自己破産とは?わかりやすく解説
自己破産とは、裁判所に申立てを行い、借金の返済義務を免除してもらう(免責)法的手続きです。債務整理の中ではもっとも強力な方法で、借金がゼロになる可能性がありますが、財産の処分や一定の制限を伴います。
自己破産の特徴
- 借金が全額免除される可能性がある:裁判所から免責許可が下りれば、返済義務がなくなる
- 裁判所を通す手続き:地方裁判所に申立てを行い、審査を受ける
- 一定の財産は処分の対象になる:ただし、生活に必要な最低限の財産(99万円以下の現金等)は手元に残せる
- 官報に掲載される:ただし一般の人が官報を確認することはほとんどない
自己破産の種類
自己破産には同時廃止と管財事件の2種類があります。
- 同時廃止:財産がほとんどない場合に選択される簡略化された手続き。費用が安く、期間も短い
- 管財事件:一定の財産がある場合や、免責不許可事由の調査が必要な場合に選択される。
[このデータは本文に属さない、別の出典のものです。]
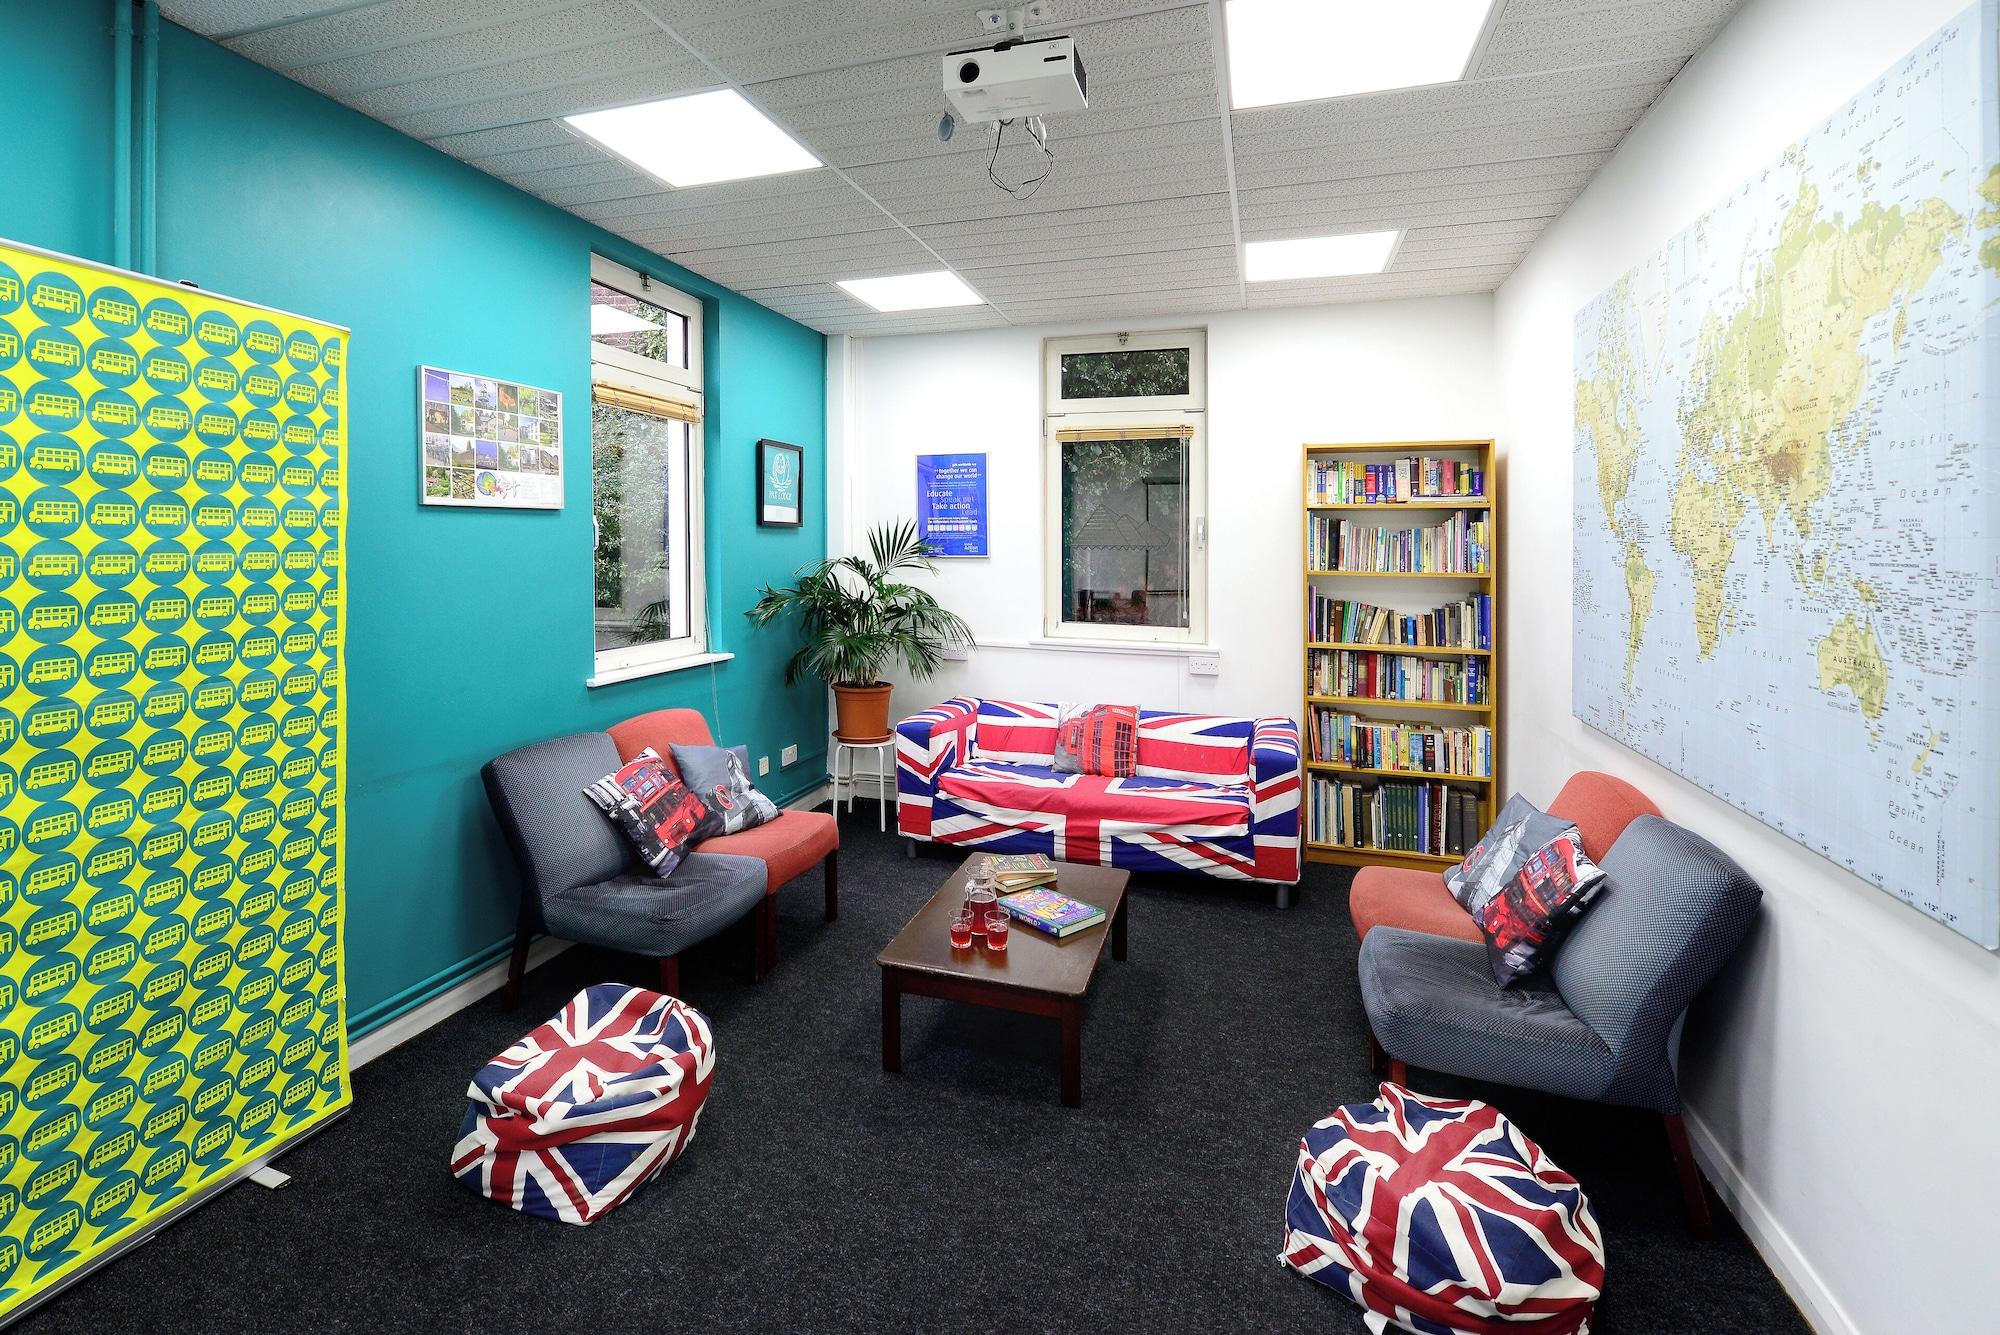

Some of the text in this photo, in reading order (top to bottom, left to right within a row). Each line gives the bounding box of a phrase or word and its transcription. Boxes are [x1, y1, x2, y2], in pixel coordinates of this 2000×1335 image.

[1900, 379, 1951, 400] North
[1889, 433, 1954, 451] Pacific
[926, 489, 953, 498] Educate
[1899, 487, 1952, 499] Ocean
[932, 502, 970, 510] Take action
[1832, 656, 1876, 670] AUSTRALIA
[1886, 770, 1930, 793] South
[1888, 799, 1927, 824] Pacific
[1888, 829, 1924, 854] Ocean
[1035, 897, 1068, 920] WORLD
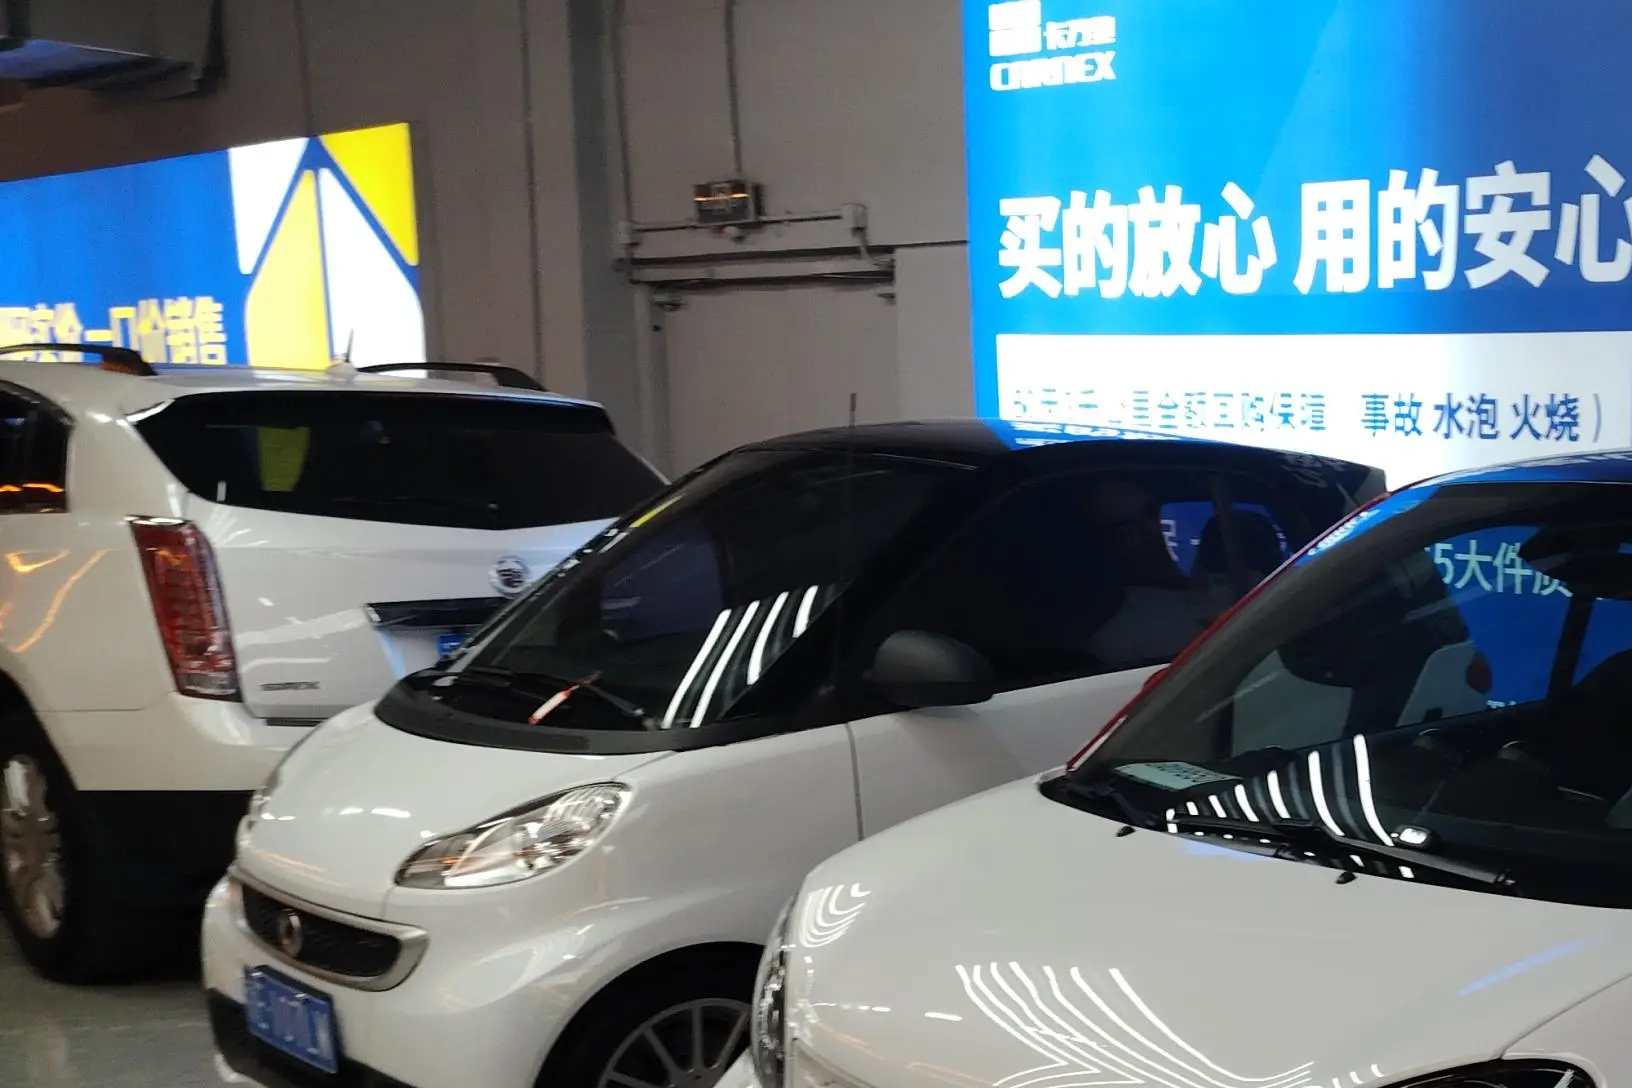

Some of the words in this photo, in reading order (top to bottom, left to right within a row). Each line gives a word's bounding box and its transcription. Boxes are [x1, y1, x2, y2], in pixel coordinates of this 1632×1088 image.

破産管財人が選任され、財産の換価・配当が行われる
自己破産の流れ
- 弁護士・司法書士に相談
- 委任契約・受任通知の送付(督促が止まる)
- 必要書類の準備(家計簿、通帳コピー、財産目録など)
- 裁判所に破産申立て
- 破産手続開始決定
- 免責審尋(裁判官との面談)
- 免責許可決定(申立てから3〜6ヶ月程度)
自己破産の費用の目安
同時廃止の場合は弁護士費用20〜30万円+裁判所費用2万円程度。管財事件の場合は弁護士費用30〜50万円+管財人報酬20万円〜が目安です。法テラスの立替制度を利用すれば、月額5,000〜10,000円の分割返済が可能です。
自己破産のデメリット
- 信用情報に登録される:免責後5〜10年程度、新規借入やカード作成が制限される
- 官報に掲載される:氏名・住所が官報に記載される
- 一部の職業に制限がかかる:手続き中は保険外交員・警備員などの職業に就けない(免責後は解除)
- 財産の処分:自宅や車など高額な財産は処分の対象になる場合がある
- 保証人に請求がいく:本人の返済義務は免除されても、保証人の義務は残る
自己破産が向いている人
- 借入額が大きく、収入では返済の見込みが立たない人
- すでに返済が数ヶ月滞っている人
- 処分する財産がほとんどない人
- 生活を一からやり直したい人
任意整理・個人再生との違い
任意整理は利息カットが中心で元金は残り、個人再生は元金を大幅に減額した上で返済を続けます。自己破産は返済義務そのものが免除される点が最大の違いです。どの方法が最適かは、借入総額・収入・財産の状況によって異なります。
※この記事は一般的な情報をまとめたものであり、法律上のアドバイスではありません。具体的な判断は弁護士・司法書士にご相談ください。